Department of Chemical Engineering, Box 876106, Arizona State University, Tempe, AZ 85287, USA.
Integr Biol (Camb). 2011 Dec;3(12):1188-96. doi: 10.1039/c1ib00018g. Epub 2011 Nov 10.
Protein misfolding and aggregation is a critically important feature in many devastating neurodegenerative diseases, therefore characterization of the CSF concentration profiles of selected key forms and morphologies of proteins involved in these diseases, including β-amyloid (Aβ) and α-synuclein (a-syn), can be an effective diagnostic assay for these diseases. CSF levels of tau and Aβ have been shown to have great promise as biomarkers for Alzheimer's disease. However since the onset and progression of many neurodegenerative diseases have been strongly correlated with the presence of soluble oligomeric aggregates of proteins including various Aβ and a-syn aggregate species, specific detection and quantification of levels of each of these different toxic protein species in CSF may provide a simple and accurate means to presymptomatically diagnose and distinguish between these diseases. Here we show that the presence of different protein morphologies in human CSF samples can be readily detected using highly selective morphology specific reagents in conjunction with a sensitive electronic biosensor. We further show that these morphology specific reagents can readily distinguish between post-mortem CSF samples from AD, PD and cognitively normal sources. These studies suggest that detection of specific oligomeric aggregate species holds great promise as sensitive biomarkers for neurodegenerative disease.
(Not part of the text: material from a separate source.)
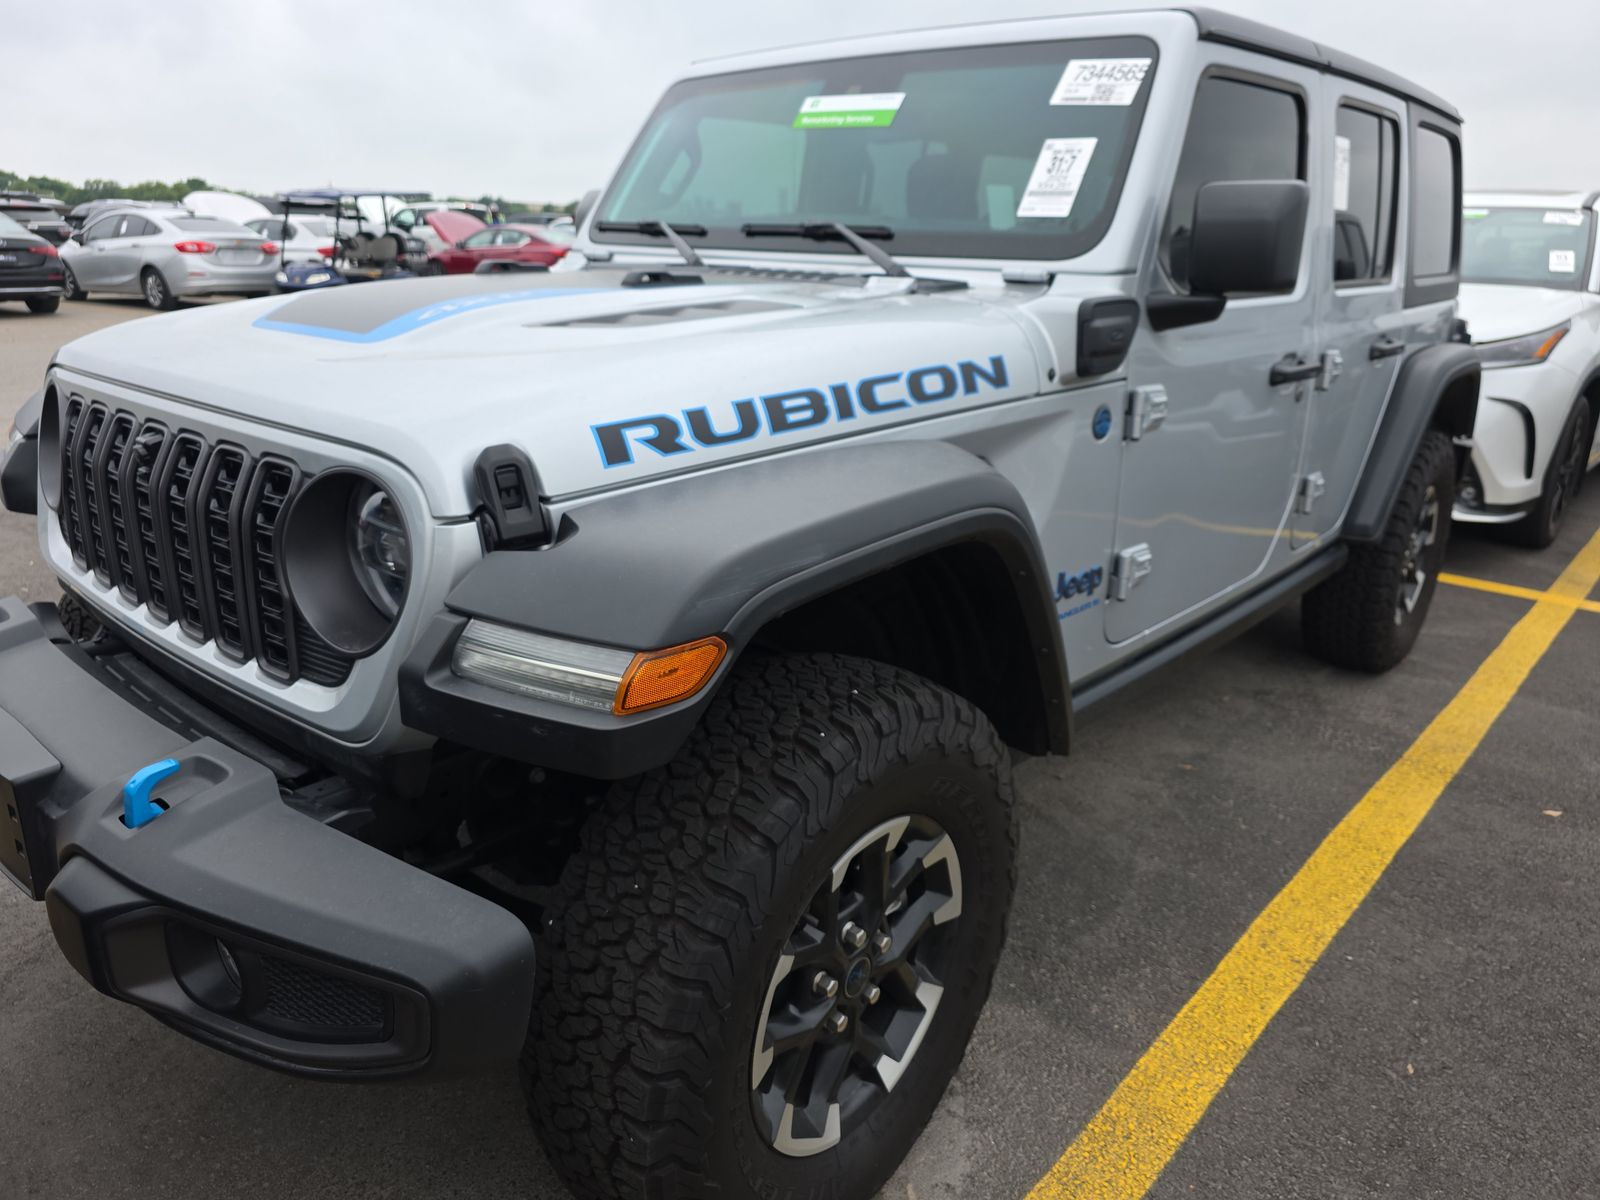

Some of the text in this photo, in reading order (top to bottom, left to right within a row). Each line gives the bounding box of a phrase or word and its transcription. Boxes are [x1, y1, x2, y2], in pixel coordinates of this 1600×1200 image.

蛋白质错误折叠和聚集是许多破坏性神经退行性疾病的一个极其重要的特征,因此,对参与这些疾病的特定关键形式和形态的脑脊液浓度谱进行特征描述,包括β-淀粉样蛋白(Aβ)和α-突触核蛋白(a-syn),可以作为这些疾病的有效诊断检测方法。脑脊液中的 tau 和 Aβ 水平已被证明作为阿尔茨海默病的生物标志物具有很大的潜力。然而,由于许多神经退行性疾病的发病和进展与包括各种 Aβ 和 a-syn 聚集物在内的可溶性寡聚体蛋白的存在密切相关,因此在 CSF 中特异性检测和定量每种不同的毒性蛋白的水平,可能提供一种简单而准确的方法,用于进行疾病的亚临床诊断和区分。在这里,我们表明,使用高度选择性的形态特异性试剂与敏感的电子生物传感器结合,可以很容易地检测到人 CSF 样本中不同的蛋白质形态。我们进一步表明,这些形态特异性试剂可以很容易地区分来自 AD、PD 和认知正常来源的死后 CSF 样本。这些研究表明,检测特定的寡聚体聚集物作为神经退行性疾病的敏感生物标志物具有很大的潜力。